TASK OBJECTIVE - A verbatim copy of all the data is required, minus any images.
=-=-=
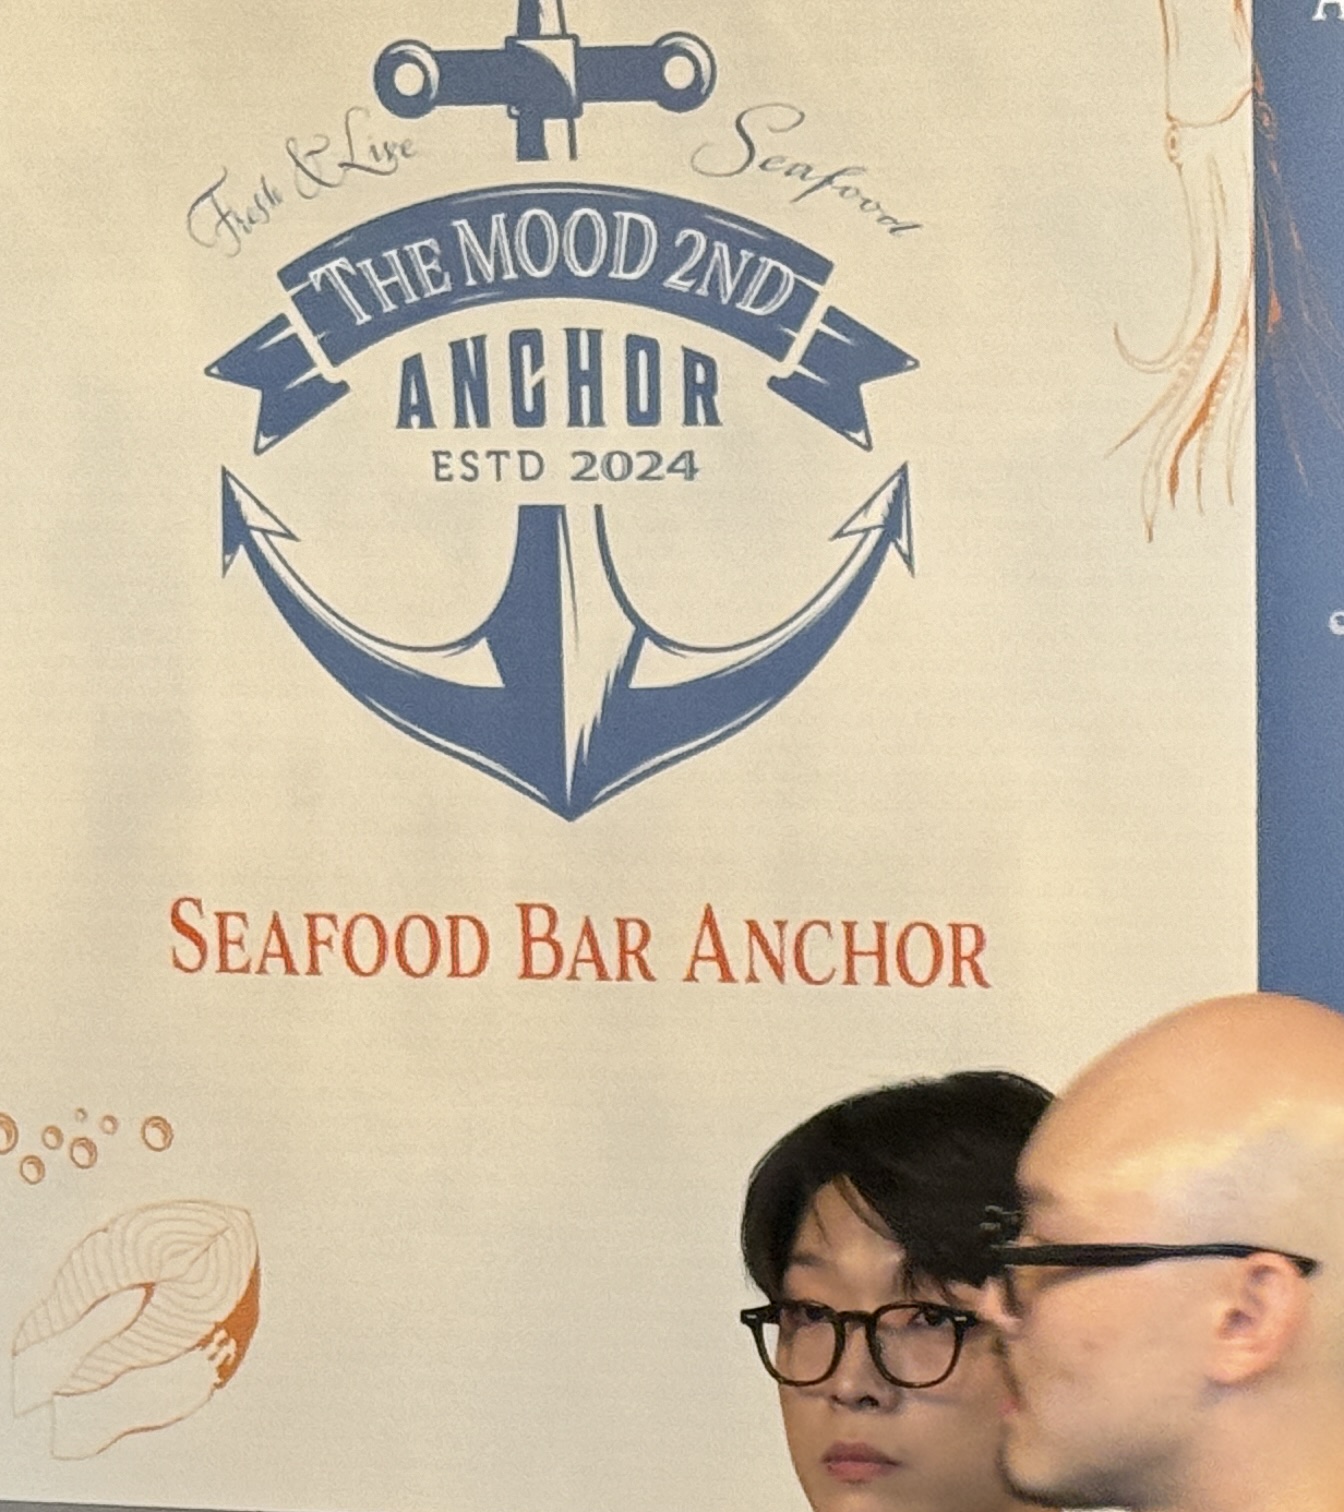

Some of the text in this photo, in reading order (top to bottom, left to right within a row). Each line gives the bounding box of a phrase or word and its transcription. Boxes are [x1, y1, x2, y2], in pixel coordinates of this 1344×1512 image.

[187, 106, 415, 258] Fresh & Live
[691, 103, 923, 237] Seafood
[309, 208, 796, 326] THE MOOD 2ND
[395, 327, 723, 429] ANCHOR
[432, 449, 699, 482] ESTD 2024
[169, 896, 991, 990] SEAFOOD BAR ANCHOR
=-=-=
WRITTEN RESPONSE -
Some of the text in this photo, in reading order (top to bottom, left to right within a row). Each line gives the bounding box of a phrase or word and its transcription. Boxes are [x1, y1, x2, y2], in pixel coordinates of this 1344×1512 image.

[187, 106, 415, 258] Fresh & Live
[691, 103, 923, 237] Seafood
[309, 208, 796, 326] THE MOOD 2ND
[395, 327, 723, 429] ANCHOR
[432, 449, 699, 482] ESTD 2024
[169, 896, 991, 990] SEAFOOD BAR ANCHOR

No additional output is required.